BOSTON– Eccogene announced that the first patient has been enrolled in its Phase 2a clinical trial evaluating ECC4703 in combination with semaglutide for the treatment of obesity.
The study, known as MIST, will assess whether ECC4703 can provide additive or synergistic benefits when used alongside a GLP-1 receptor agonist. Participants in the trial will receive weekly injectable semaglutide along with either oral ECC4703 or a placebo once daily over a 12-week treatment period.
The trial will evaluate the contribution of ECC4703 to weight loss and other pharmacodynamic measures during the study period.
“We are pleased to advance ECC4703 into this Phase 2a study in obesity,” said Jingye Zhou, Chief Executive Officer of Eccogene. “While GLP-1–based therapies have established a new standard of care, important questions remain regarding tolerability, body composition, and overall quality of weight loss. Our preclinical data suggest ECC4703 may contribute to deeper weight reduction driven primarily by fat mass loss over lean mass loss, and, to our knowledge, we are one of the first in the industry to test this hypothesis in a robustly designed clinical trial.”

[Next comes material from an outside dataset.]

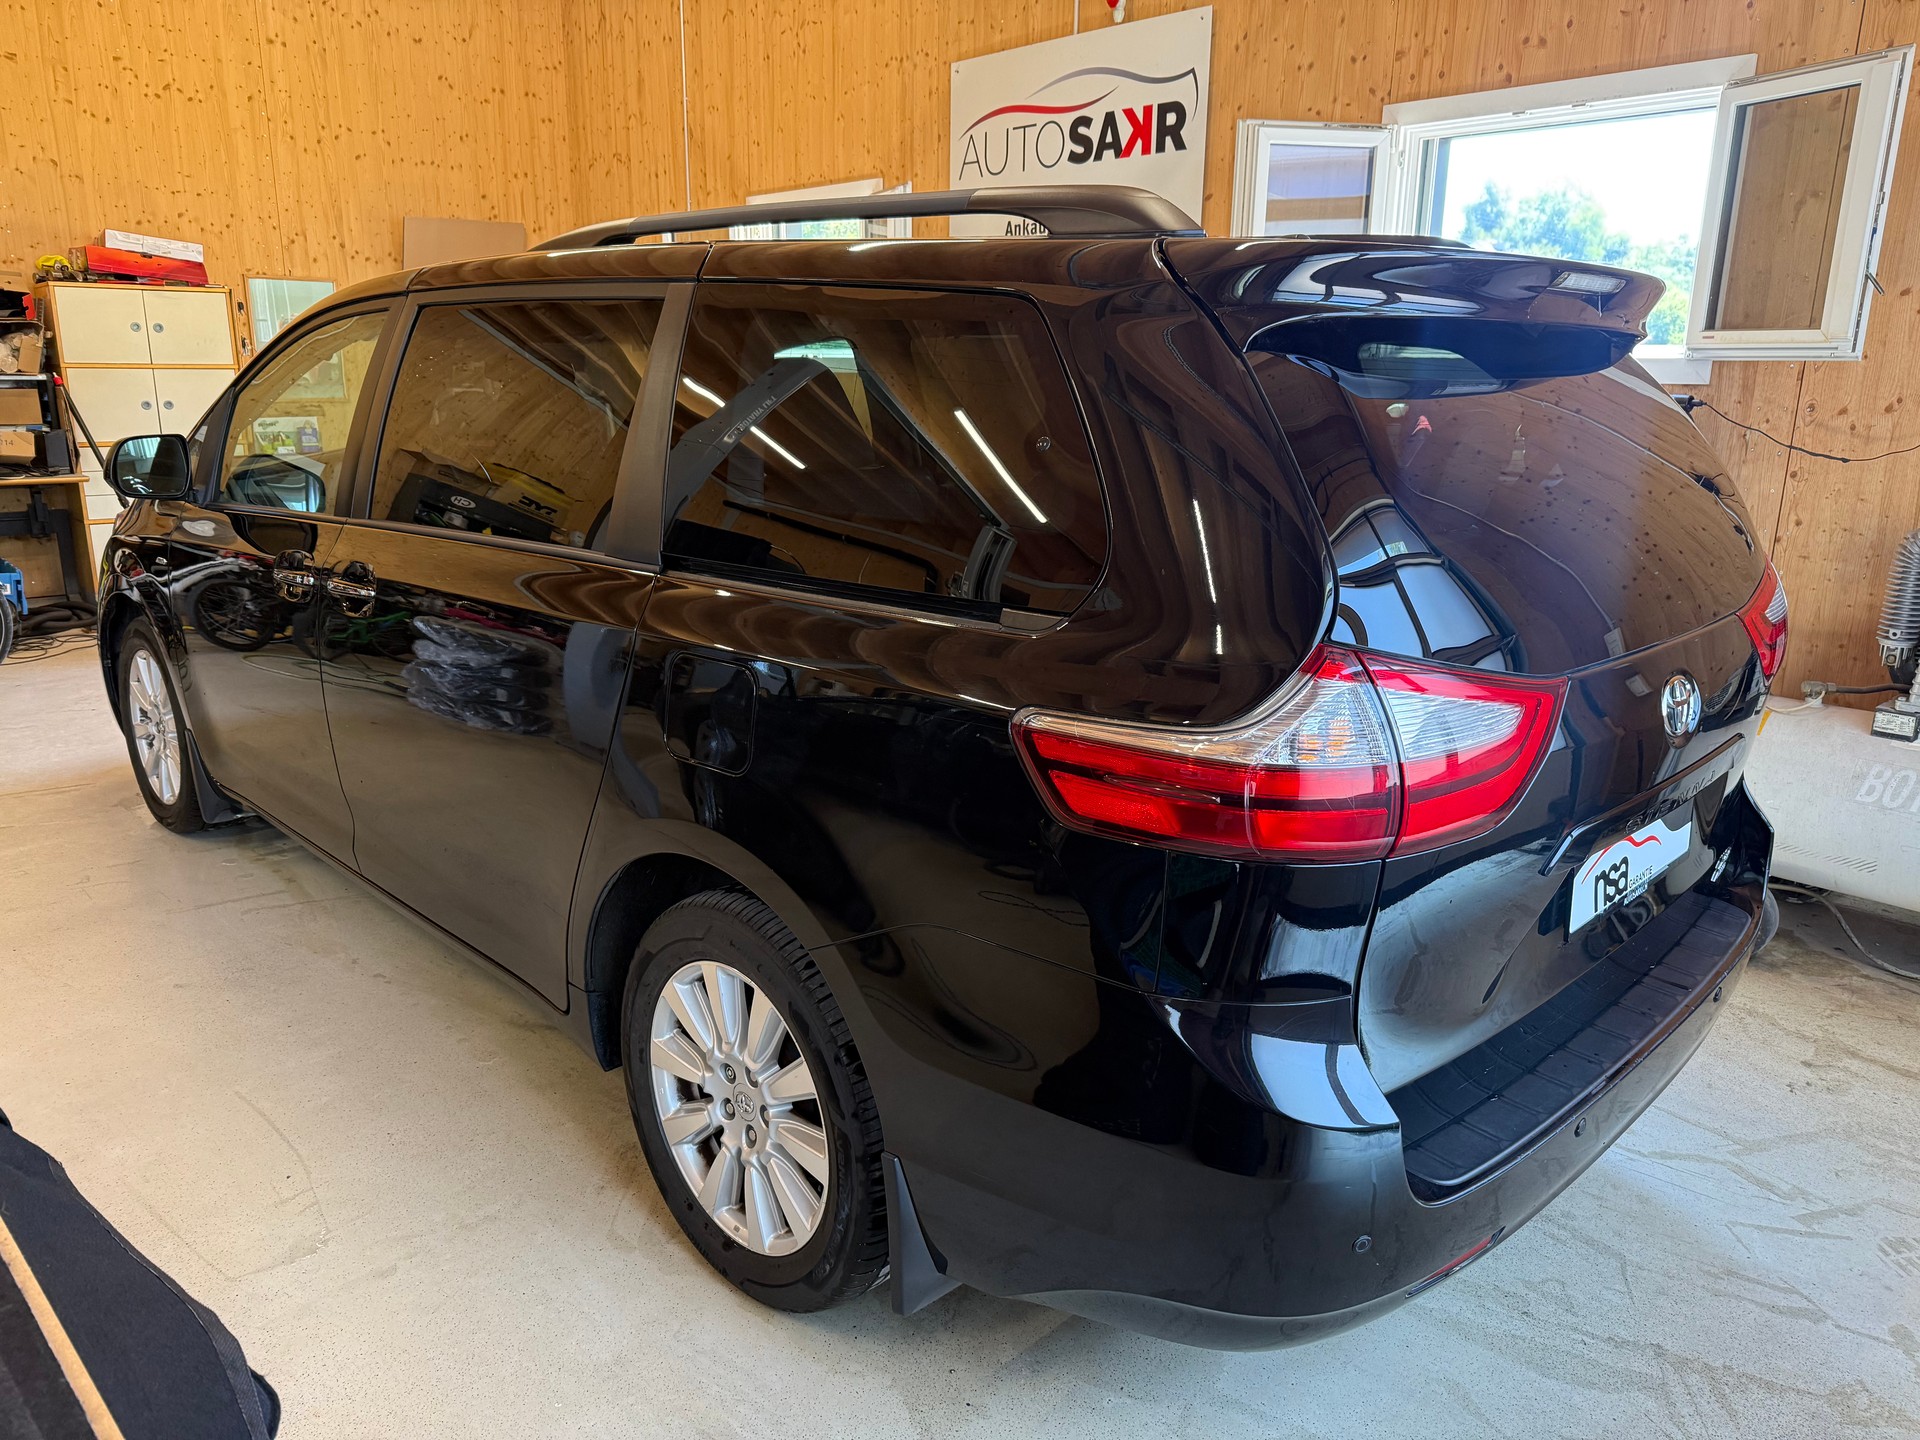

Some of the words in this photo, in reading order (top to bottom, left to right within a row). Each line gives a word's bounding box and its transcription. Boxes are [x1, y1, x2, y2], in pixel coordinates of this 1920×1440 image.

[958, 101, 1188, 181] AUTOSAKR
[1855, 763, 1920, 812] BO
[1594, 856, 1629, 914] nsa
[1629, 864, 1653, 889] GARANTIE

The multicenter, randomized, double-blind, placebo-controlled trial is expected to enroll approximately 160 adults with obesity.
Primary endpoints include changes in body weight and liver fat content measured using MRI-PDFF imaging. Secondary and exploratory endpoints will examine additional metabolic parameters along with safety and tolerability.

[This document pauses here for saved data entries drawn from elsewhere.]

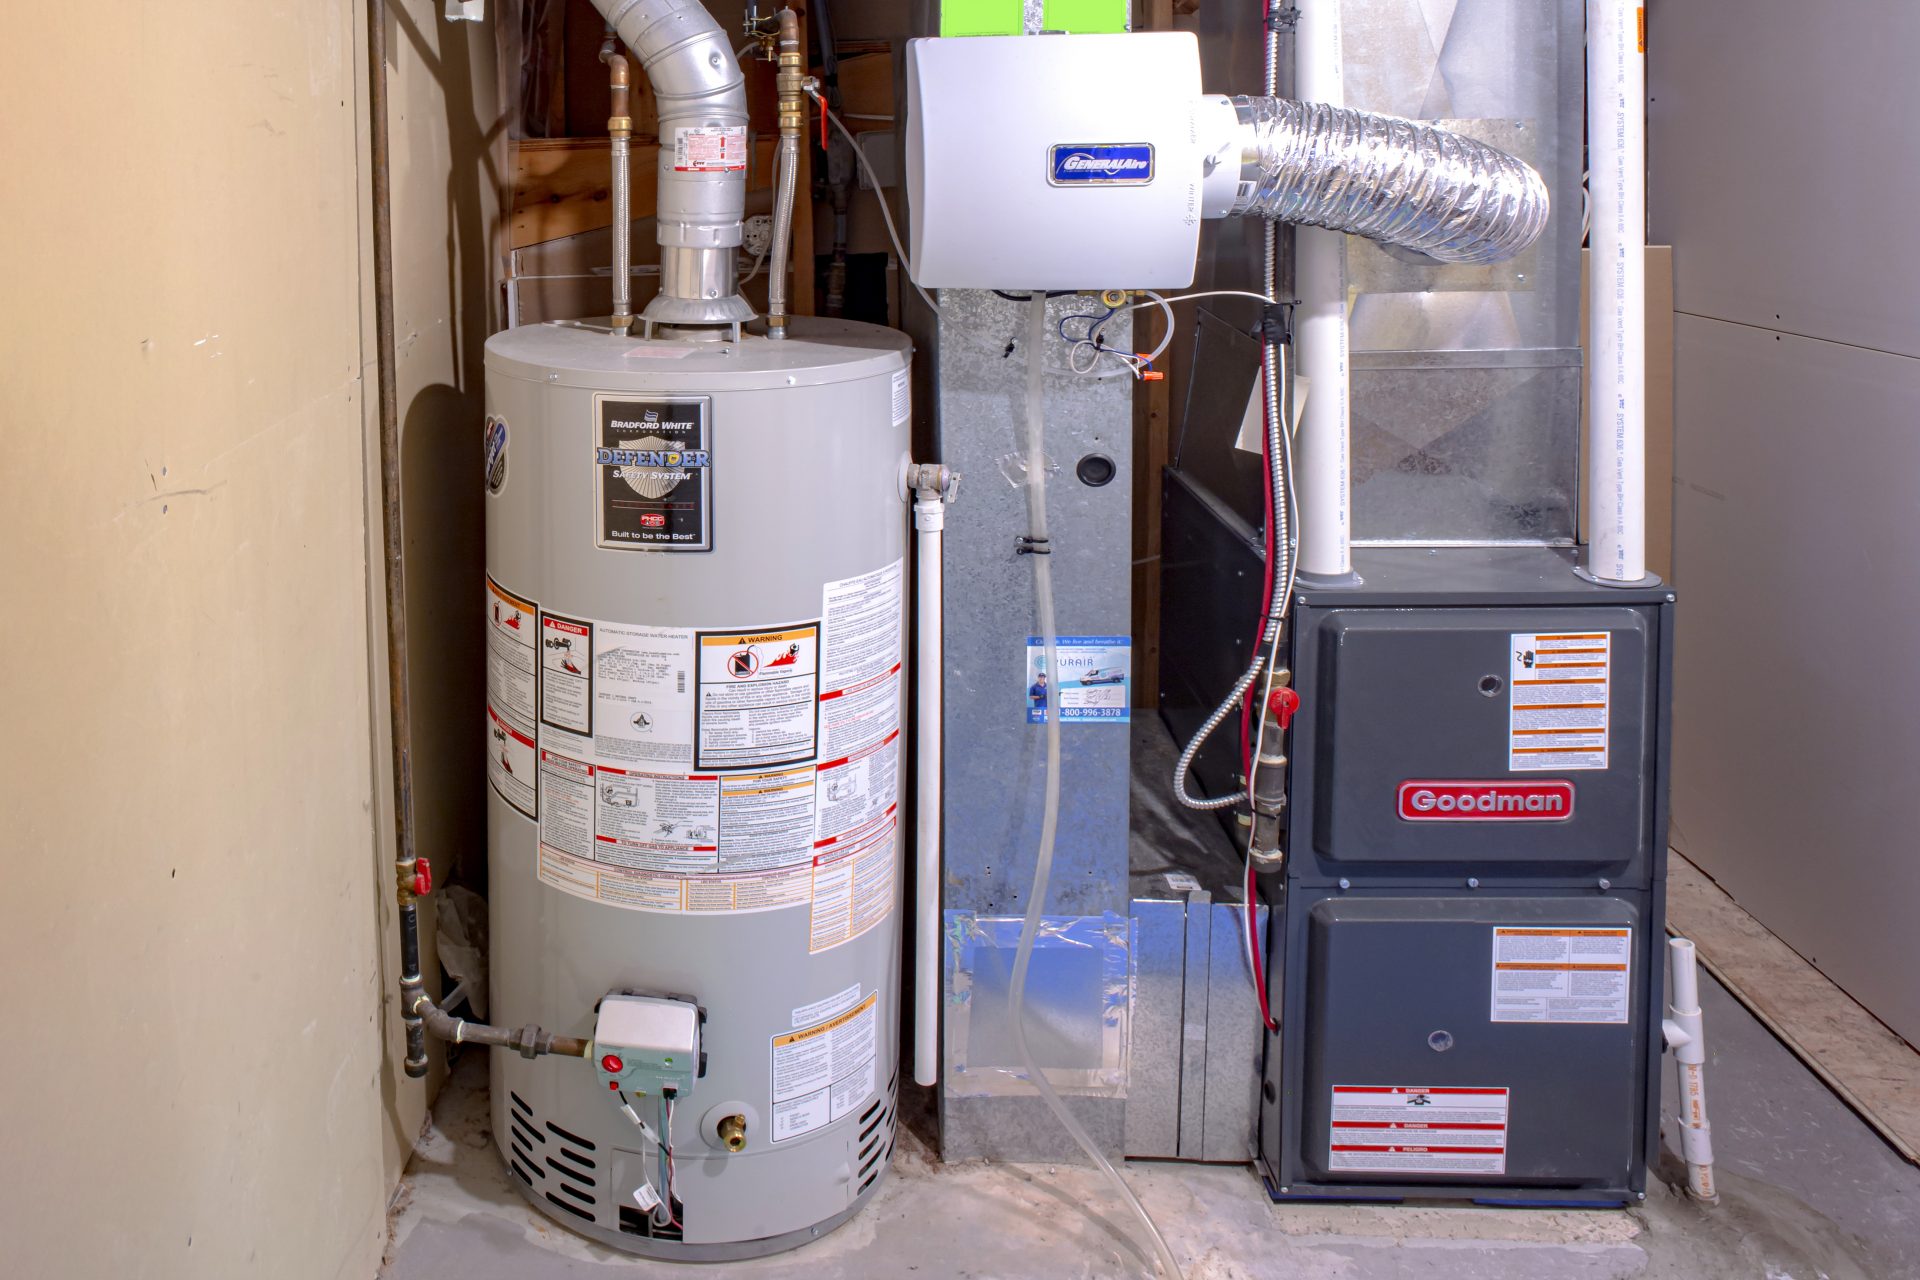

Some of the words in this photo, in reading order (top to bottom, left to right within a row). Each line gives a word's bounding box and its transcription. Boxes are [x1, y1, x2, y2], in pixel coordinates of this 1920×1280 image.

[611, 420, 660, 429] BRADFORD
[662, 421, 694, 430] WHITE
[597, 448, 711, 467] DEFENDER
[612, 471, 648, 479] SAFETY
[650, 472, 692, 480] SYSTEM
[556, 622, 582, 634] DANGER
[748, 634, 782, 643] WARNING
[1412, 790, 1562, 812] Goodman
[798, 1026, 825, 1039] WARNING
[829, 1004, 866, 1029] AVERTISSEMENT

“Obesity is not a single-pathway disease, and for many patients, monotherapy simply doesn’t address the full metabolic burden,” said Julio Rosenstock, MD, Lead Investigator and Eccogene’s Senior Scientific Advisor. “By combining semaglutide with ECC4703, a selective thyroid hormone receptor-beta agonist designed to act in the liver, we’re exploring whether a dual-mechanism approach can meaningfully enhance metabolic control—particularly by further reducing liver fat—beyond what GLP-1 therapy alone can achieve.”
ECC4703 is an oral, once-daily therapy designed as a selective full agonist of thyroid hormone receptor beta (THR-β) that primarily targets the liver. The therapy is being developed for metabolic dysfunction-associated steatohepatitis and other cardiometabolic diseases.
In Phase 1 studies, the drug demonstrated target engagement and statistically significant reductions in LDL cholesterol and related lipid biomarkers, supporting its potential to address underlying metabolic drivers across multiple metabolic conditions.